Vender Isagen va en contravía de los pilares del gobierno de Santos y su Plan de Desarrollo “Todos por un nuevo país”, y contra el objetivo de construir una Colombia equitativa, sin grandes diferencias de ingresos y oportunidades, y pone en peligro su democracia.
Es imposible la equidad sin disminuir la escandalosa concentración de la riqueza en Colombia. Nunca habrá igualdad de oportunidades si no se distribuyen mejor los activos que generan riqueza, y si no se democratiza la propiedad. Como dice Piketty, el problema no es solo distribuir el ingreso, sino la riqueza.

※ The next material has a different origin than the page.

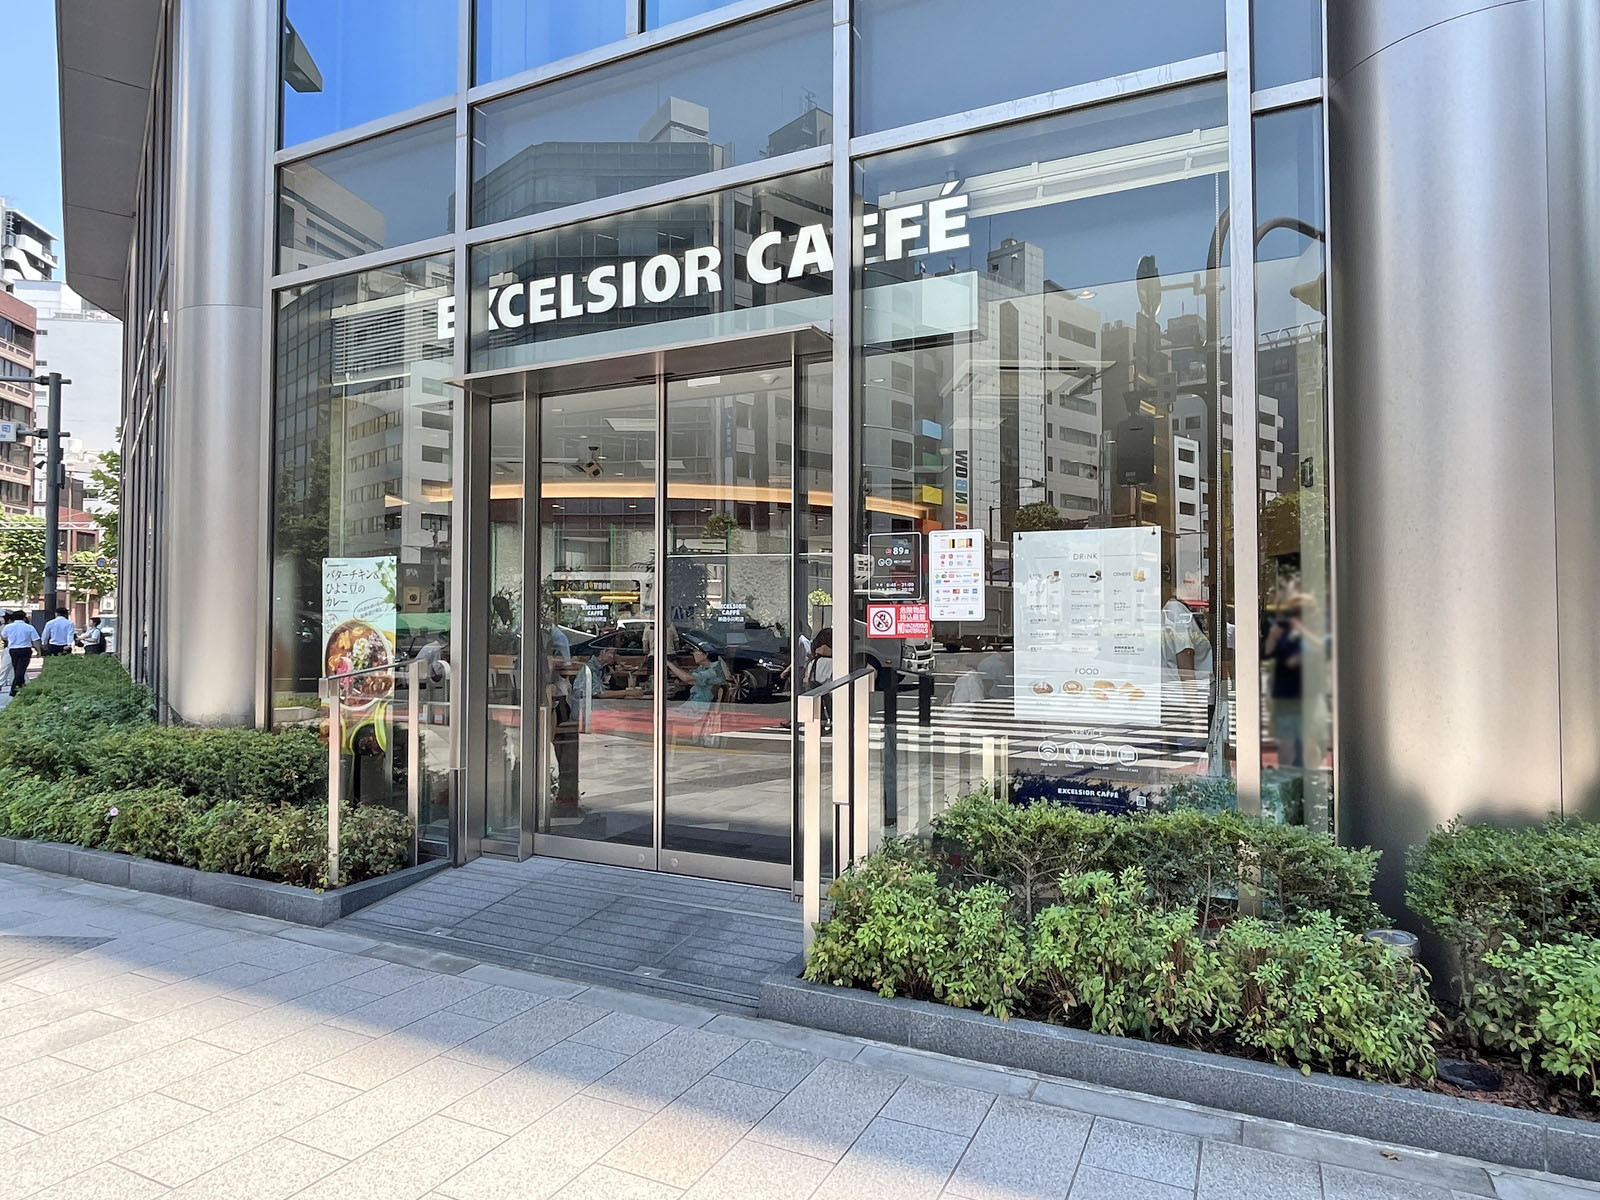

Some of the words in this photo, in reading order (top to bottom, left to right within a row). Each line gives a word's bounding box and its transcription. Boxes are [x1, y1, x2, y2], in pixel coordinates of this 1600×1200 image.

[326, 582, 366, 595] ひよこ豆の
[326, 597, 349, 607] カレー
[1058, 787, 1095, 797] EXCELSIOR
[1096, 789, 1119, 799] CAFFÉ

Promover un país de muchos propietarios es un mandato constitucional. El artículo 60 obliga al Estado a promover el acceso a la propiedad y a democratizar la propiedad accionaria al vender empresas del Estado. Exige ofrecer las acciones en condiciones especiales a los trabajadores y al sector solidario. No cumplir el mandato es otra de las grandes equivocaciones de privatizar Isagen.
El Gobierno puede argüir que cumplió con la inútil Ley 226 de 1995, que reglamentó el artículo 60, y que ofreció primero las acciones de Isagen a los trabajadores en condiciones especiales. Es cierto. Pero que cumpla con la letra de una ley mal diseñada y peor aplicada, no es un esfuerzo por democratizar la propiedad: en la primera vuelta solo vendió el 0,1% de las acciones porque las condiciones no eran atractivas y porque el mismo Gobierno impuso condiciones imposibles para que el sector solidario o los trabajadores adquirieran toda la empresa.
No es que el Ministerio de Hacienda no tenga la capacidad técnica para estructurar una venta que facilitara democratizar la propiedad accionaria. El problema es la indecisión política para hacerlo, pues el objetivo de vender Isagen no es cumplir el mandato constitucional sino el criterio fiscalista de maximizar los ingresos y vender al mayor precio posible, aun concentrando más la riqueza en los grandes grupos empresariales nacionales o extranjeros.
La Constitución se obedece pero no se cumple. Los objetivos del Estado Social de Derecho se sacrifican ante el mayor precio. Así sucedió en las privatizaciones de empresas del Estado en los últimos 25 años, exceptuando la capitalización de algunas empresas públicas que sí han sido diferentes. Este Gobierno, a diferencia de los anteriores, sí se planteó la equidad como uno de sus objetivos. Y lo incumple.
“O Colombia atiende las disparidades sociales, o pone en riesgo su propio futuro”, dice el documento del Plan y hay que democratizar la propiedad accionaria como ordena la Constitución y la forma como se privatiza Isagen implica perder una de las últimas oportunidades de hacerlo, pues ya se feriaron la mayoría de las empresas del Estado.
¡Vendiendo a Isagen no se construye un nuevo país!